Free-text object descriptions
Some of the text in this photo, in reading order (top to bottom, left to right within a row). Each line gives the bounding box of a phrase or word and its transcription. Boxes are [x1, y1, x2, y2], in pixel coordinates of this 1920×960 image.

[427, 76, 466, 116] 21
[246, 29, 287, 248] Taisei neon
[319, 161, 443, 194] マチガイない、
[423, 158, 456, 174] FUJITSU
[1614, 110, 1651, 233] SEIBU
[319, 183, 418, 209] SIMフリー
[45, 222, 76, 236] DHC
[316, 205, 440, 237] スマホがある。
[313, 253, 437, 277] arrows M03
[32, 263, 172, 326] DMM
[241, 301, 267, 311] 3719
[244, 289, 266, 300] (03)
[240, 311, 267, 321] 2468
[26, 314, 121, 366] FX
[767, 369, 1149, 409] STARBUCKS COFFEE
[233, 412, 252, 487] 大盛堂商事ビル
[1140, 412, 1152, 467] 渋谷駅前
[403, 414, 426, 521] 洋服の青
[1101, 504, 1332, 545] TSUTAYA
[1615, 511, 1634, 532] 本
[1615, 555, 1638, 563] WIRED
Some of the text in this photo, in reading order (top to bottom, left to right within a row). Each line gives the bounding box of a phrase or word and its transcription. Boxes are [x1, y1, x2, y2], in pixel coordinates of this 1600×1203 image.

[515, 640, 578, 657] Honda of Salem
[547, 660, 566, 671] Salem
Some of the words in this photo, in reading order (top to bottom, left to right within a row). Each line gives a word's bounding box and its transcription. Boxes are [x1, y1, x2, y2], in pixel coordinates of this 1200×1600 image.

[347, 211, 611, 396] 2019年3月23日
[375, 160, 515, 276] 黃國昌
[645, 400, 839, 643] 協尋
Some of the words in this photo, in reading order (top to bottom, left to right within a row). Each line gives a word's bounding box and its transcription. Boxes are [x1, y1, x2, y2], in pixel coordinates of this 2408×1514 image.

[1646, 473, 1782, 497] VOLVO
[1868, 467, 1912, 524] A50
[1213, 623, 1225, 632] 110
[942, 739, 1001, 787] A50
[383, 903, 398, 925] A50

[Task objective] Repeat the whole of the data above exactly as it appears.

[Response to this task]
Some of the text in this photo, in reading order (top to bottom, left to right within a row). Each line gives the bounding box of a phrase or word and its transcription. Boxes are [x1, y1, x2, y2], in pixel coordinates of this 1920×960 image.

[427, 76, 466, 116] 21
[246, 29, 287, 248] Taisei neon
[319, 161, 443, 194] マチガイない、
[423, 158, 456, 174] FUJITSU
[1614, 110, 1651, 233] SEIBU
[319, 183, 418, 209] SIMフリー
[45, 222, 76, 236] DHC
[316, 205, 440, 237] スマホがある。
[313, 253, 437, 277] arrows M03
[32, 263, 172, 326] DMM
[241, 301, 267, 311] 3719
[244, 289, 266, 300] (03)
[240, 311, 267, 321] 2468
[26, 314, 121, 366] FX
[767, 369, 1149, 409] STARBUCKS COFFEE
[233, 412, 252, 487] 大盛堂商事ビル
[1140, 412, 1152, 467] 渋谷駅前
[403, 414, 426, 521] 洋服の青
[1101, 504, 1332, 545] TSUTAYA
[1615, 511, 1634, 532] 本
[1615, 555, 1638, 563] WIRED
Some of the text in this photo, in reading order (top to bottom, left to right within a row). Each line gives the bounding box of a phrase or word and its transcription. Boxes are [x1, y1, x2, y2], in pixel coordinates of this 1600×1203 image.

[515, 640, 578, 657] Honda of Salem
[547, 660, 566, 671] Salem
Some of the words in this photo, in reading order (top to bottom, left to right within a row). Each line gives a word's bounding box and its transcription. Boxes are [x1, y1, x2, y2], in pixel coordinates of this 1200×1600 image.

[347, 211, 611, 396] 2019年3月23日
[375, 160, 515, 276] 黃國昌
[645, 400, 839, 643] 協尋
Some of the words in this photo, in reading order (top to bottom, left to right within a row). Each line gives a word's bounding box and its transcription. Boxes are [x1, y1, x2, y2], in pixel coordinates of this 2408×1514 image.

[1646, 473, 1782, 497] VOLVO
[1868, 467, 1912, 524] A50
[1213, 623, 1225, 632] 110
[942, 739, 1001, 787] A50
[383, 903, 398, 925] A50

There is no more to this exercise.